Рога лежащего навзничь Ниса казались больше обычного. Гвенн из любопытства опять почесала кончик крутого рога, недоумевая, и как они спать не мешают? Фоморские рога неимоверно чесались по весне, у многих имелись специальные чесалки разнообразных форм, а также заостренные обломки раковин и шершавые шкуры безмозглых рыбин, намотанные на длинное основание. Но до громадных рогов старых фоморов ими было не дотянуться. Чесалки ревнители порядка презирали, расчёсками не пользовались — оставалось только злиться на весь зелёный мир и терпеть первый весенний месяц.

Ноготочки жены приводили это синее чудовище в состояние, близкое к экстазу. Нис выдохнул блаженно, сквозь сон нашарил ее руку и прижал на миг к сердцу.

Этот фомор совсем её занежил, а между прочим угроза никуда не делась. Темстиале говорила о ледяных фоморах, страж-акула шепнул: «Ши-айс», и Темстиале о них намекала… Дядька Скат, словно в пику хитромудрому тюленю, укреплял морское воинство, изводя молодых бойцов бесконечными учениями и тренировками.
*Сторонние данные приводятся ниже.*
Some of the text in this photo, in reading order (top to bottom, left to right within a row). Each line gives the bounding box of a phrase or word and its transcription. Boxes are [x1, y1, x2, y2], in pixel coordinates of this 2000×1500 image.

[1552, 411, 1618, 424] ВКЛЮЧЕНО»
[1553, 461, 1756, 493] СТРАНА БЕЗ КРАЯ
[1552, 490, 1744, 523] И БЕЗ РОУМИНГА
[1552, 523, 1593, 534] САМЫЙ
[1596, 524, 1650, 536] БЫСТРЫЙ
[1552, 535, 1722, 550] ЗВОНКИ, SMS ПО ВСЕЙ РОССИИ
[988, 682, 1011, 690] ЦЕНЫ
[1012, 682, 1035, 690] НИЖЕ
На вопрос «Зачем?» он ответил, что готовым нужно быть всегда, а опасность найдётся. К тому же дурные мысли из голов повылетают.
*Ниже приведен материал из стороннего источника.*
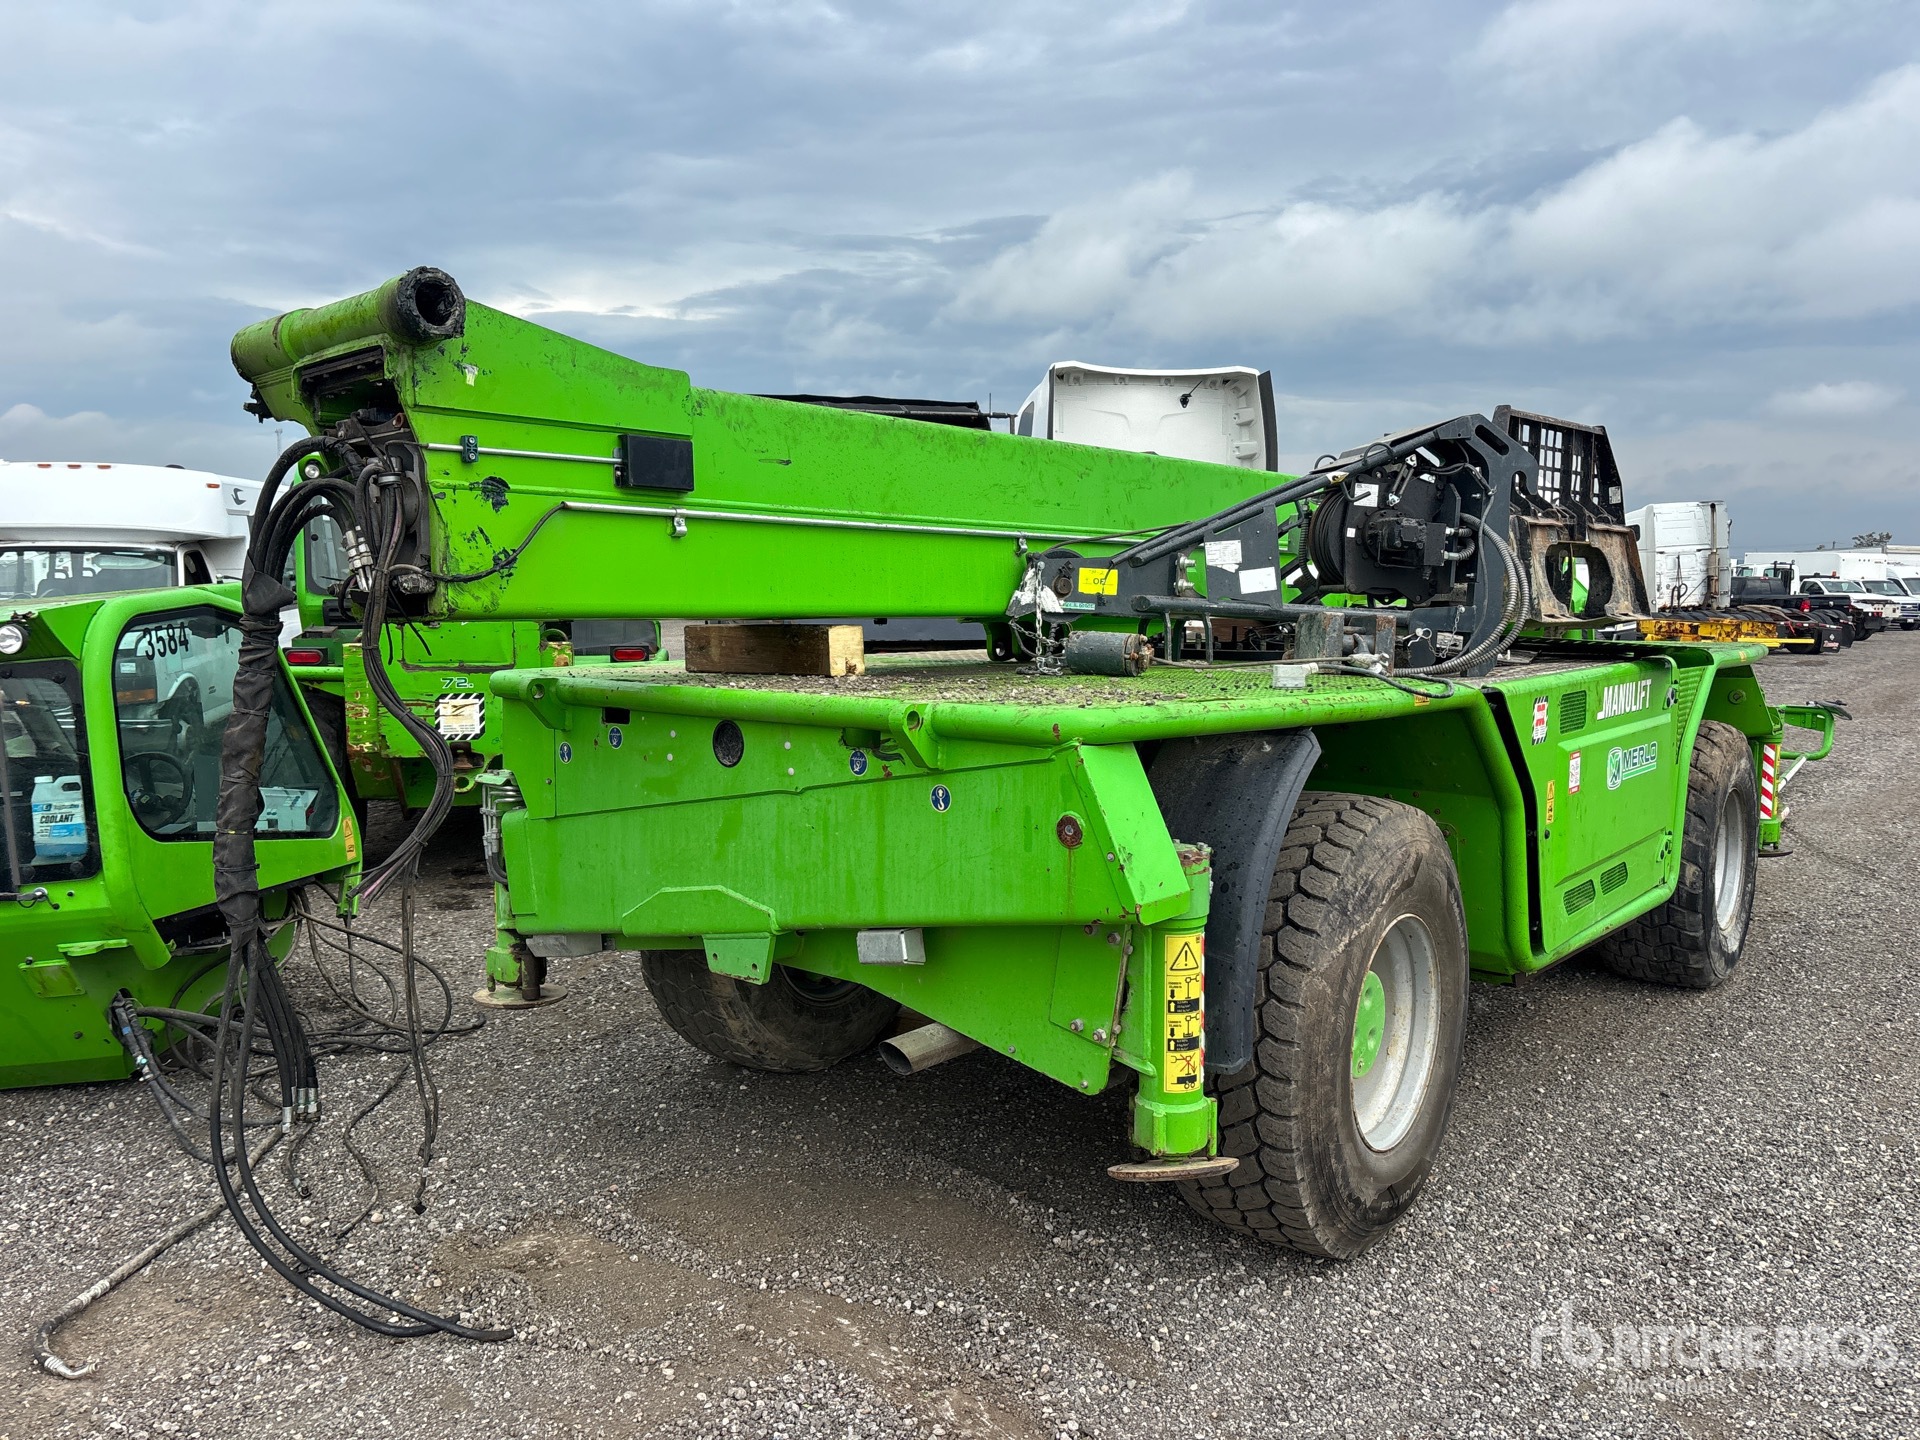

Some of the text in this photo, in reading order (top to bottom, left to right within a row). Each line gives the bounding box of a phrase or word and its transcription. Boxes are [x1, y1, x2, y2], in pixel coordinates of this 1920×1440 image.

[143, 622, 189, 660] 3584
[1597, 679, 1652, 720] MANULIFT
[1622, 741, 1658, 772] MERLO
[39, 813, 75, 824] COOLANT
Из всех князей морского царства Гвенн не могла выделить никого, кто бы мог представлять угрозу царской семье, но ощущала эту угрозу, как зверь, который, ещё не слыша и не видя загонщиков, вскакивает с лежбища, топчется на месте и озирается, втягивая воздух.

Гвенн, привстав, упёрлась подбородком в сложенные перед собой кулаки, разглядывая супруга. Во сне Нис казался моложе, его губы не были сжаты, а лицо казалось мягким и совсем юным. Гладкие чёрные волосы отливали синевой, а ресниц хватило бы не на одного волка…
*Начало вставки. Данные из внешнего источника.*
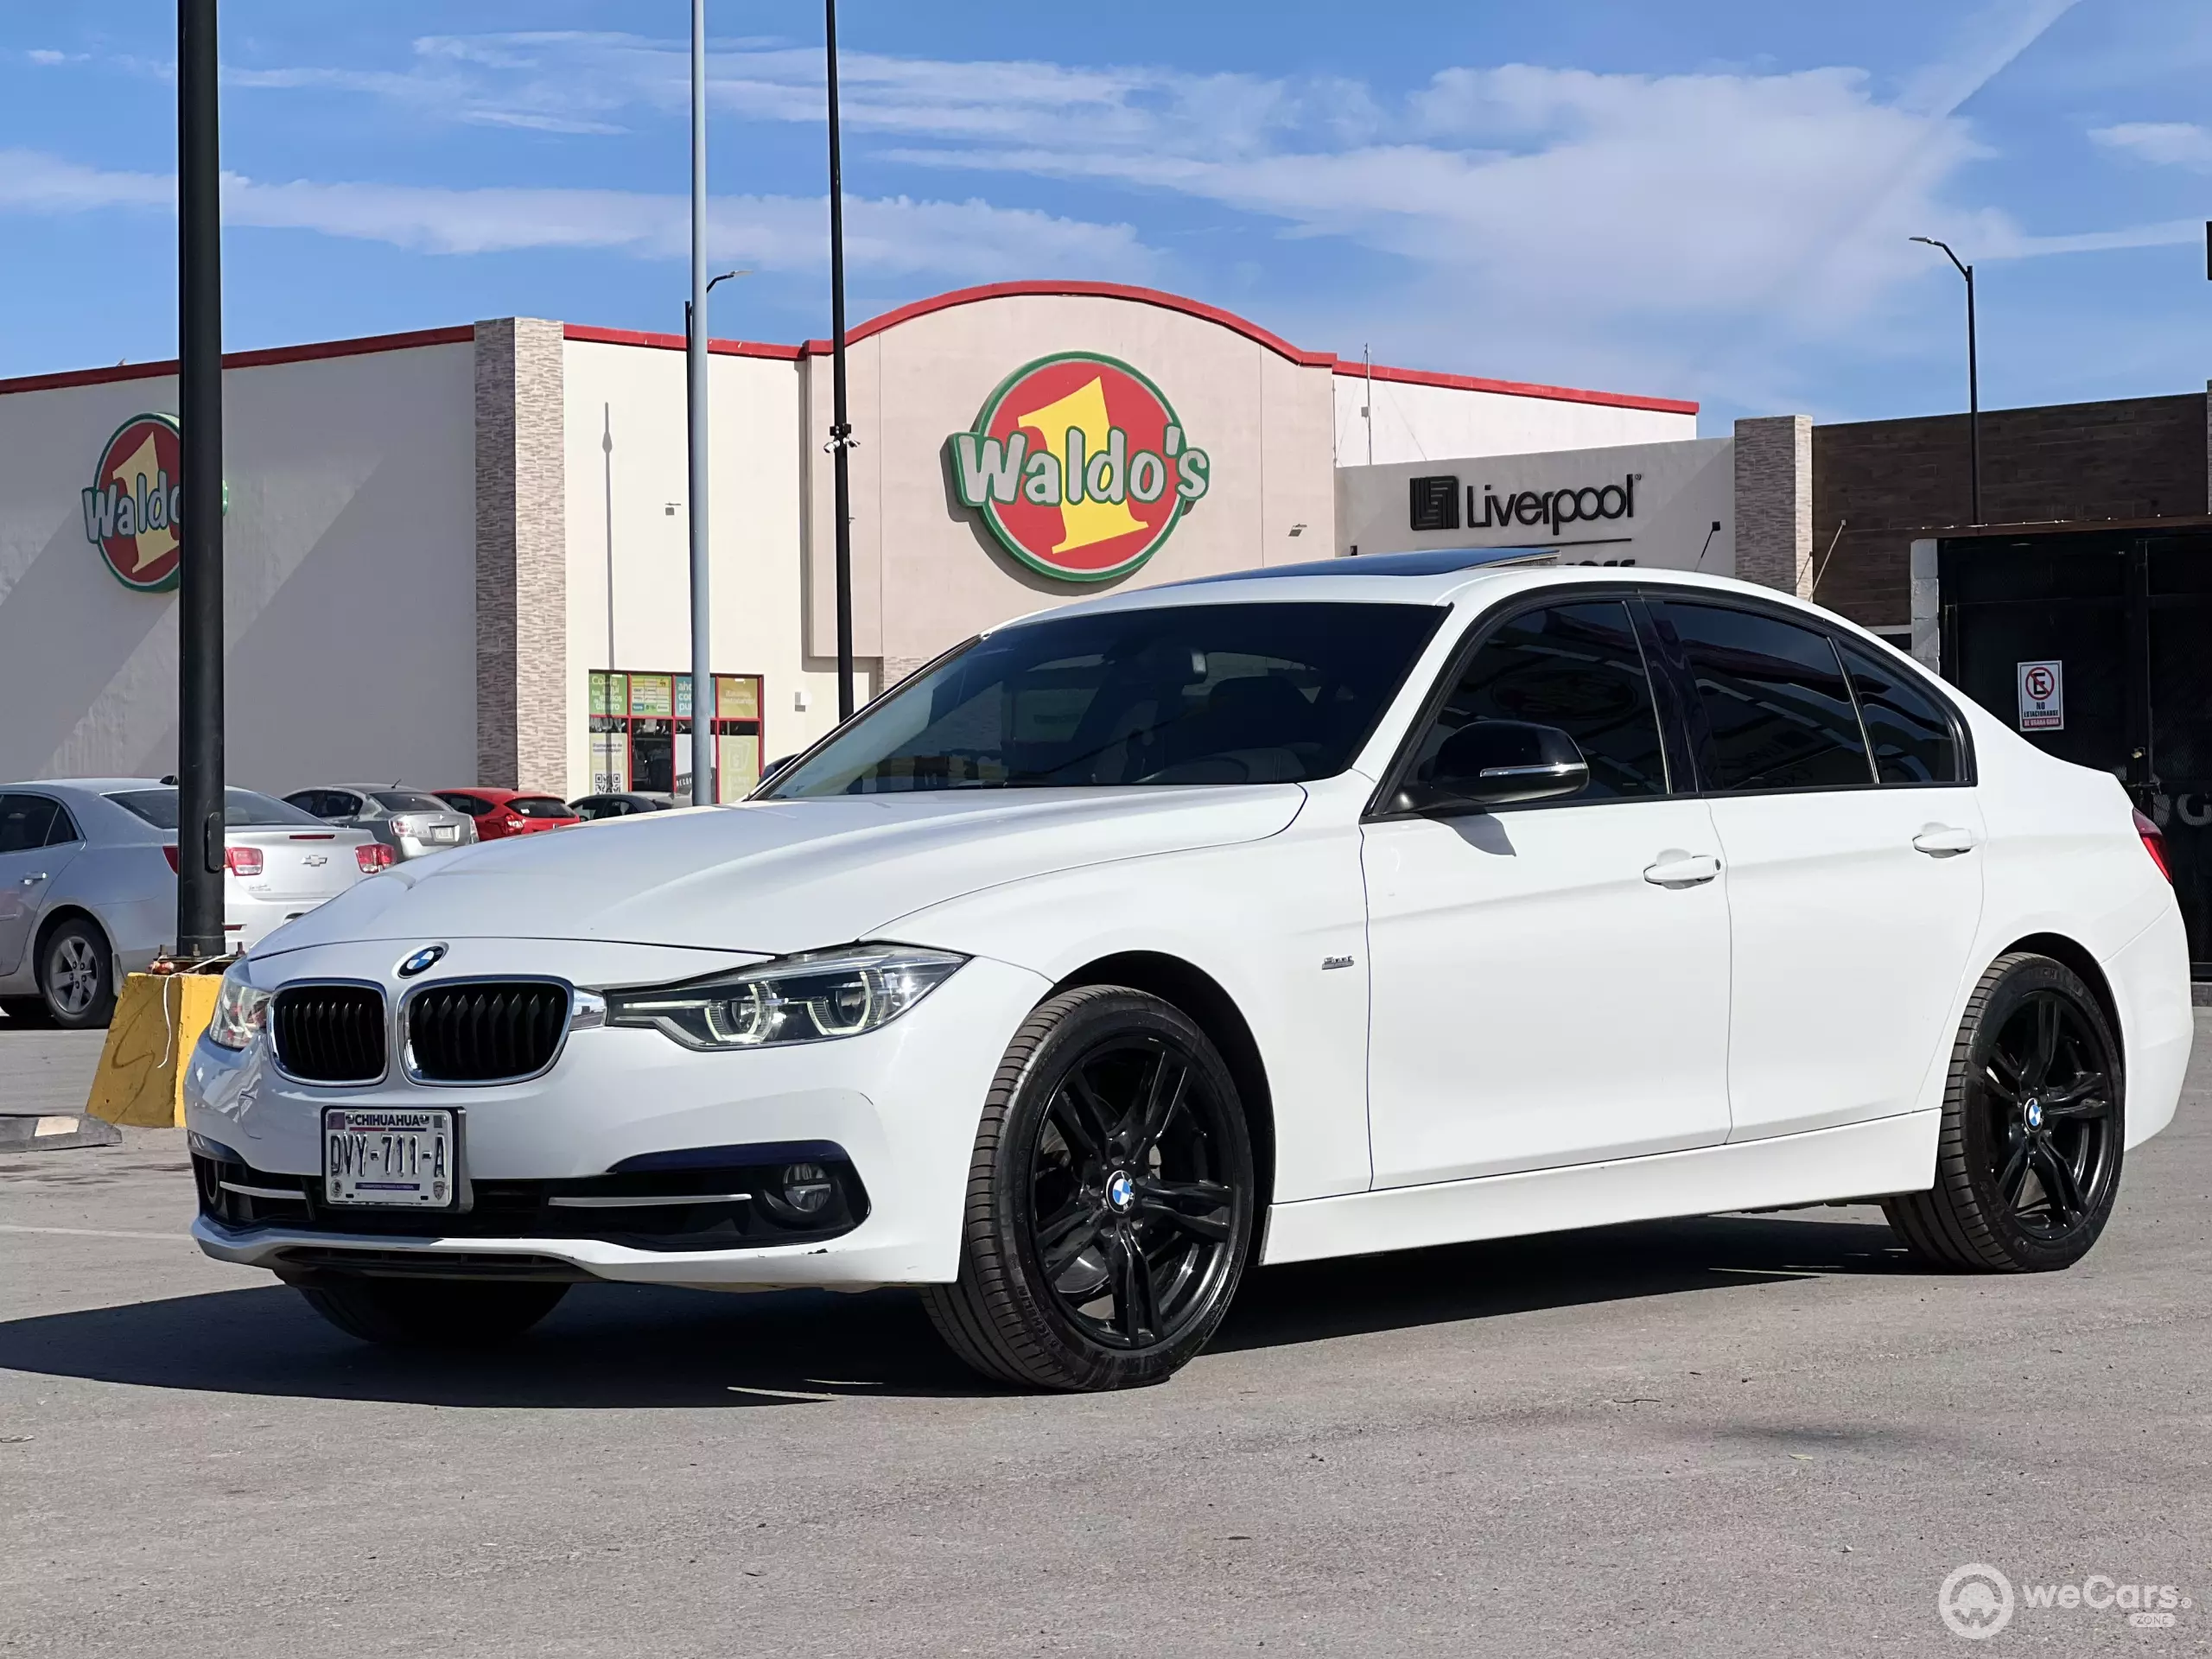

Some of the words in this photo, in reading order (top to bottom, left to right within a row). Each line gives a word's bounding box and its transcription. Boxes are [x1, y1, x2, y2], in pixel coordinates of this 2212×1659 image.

[953, 424, 1210, 507] Waldo's
[1467, 473, 1635, 536] Liverpool
[2036, 702, 2045, 710] NO
[354, 1114, 421, 1126] CHIHUAHUA
[330, 1131, 448, 1178] DVY-711-A
Муж сносил все её вспышки. Нетерпеливый, с ней он был внимателен, бережен и осторожен. И всегда оказывался рядом, готовый поддержать, но никогда не настаивал и не принуждал.

Гвенн очень осторожно переплела свои пальцы с его.

— Люблю тебя, — вырвалось у неё, а этот хитрец тут же распахнул глаза. — Я повторила! — начала оправдываться она. — Я просто повторила!

— Конечно, моя жемчужина. Что рассматривала?

— Вот! — Гвенн сунула ему под синий нос фиолетовый светильник. — И у Айджиана такой же. Пурпур из всех ракушек выскребли?

— Это не пурпур. Это небесная маджента, — Нис заправил за ухо прядь и легонько щелкнул Гвенн по носу.

— Не знаю такого цвета, — насупилась она.

— Представь себе закат, когда нежно-розовый перетекает в сапфирово-синий.

Гвенн заслушалась, а потом встрепенулась:

— И сколько таких светильников?

— Два. Когда-то этим червяком-проклятием хотели извести Айджиана. Мигель вовремя увидел и вытащил. Отец сделал из червяка светильник, представляешь?

Превратить пожелание зла в светоч! Гвенн хмыкнула, узнавая характер морского царя.

— Я спрашивала у Айджиана, а он не сказал, — вспомнила обиду Гвенн, и Нис потрепал ее по макушке.

— Видно, хотел, чтобы рассказал тебе я. Мне этот шар с червяком ужасно не нравился. Я разбил светильник и порвал червяка пополам. Морское проклятие убило бы любого, но не навредило мне. Может, потому что я сам — проклятие, — губы дрогнули в горькой улыбке. — Если захочешь избавиться от меня, придется придумать что-то иное. К примеру, я плохо переношу особо сильные теплые камни.

— Прекрати, Нис, — слова мужа болью отозвались в душе Гвенн.

— Когда я первый раз улёгся здесь, ты сказала, что это уже было. Когда?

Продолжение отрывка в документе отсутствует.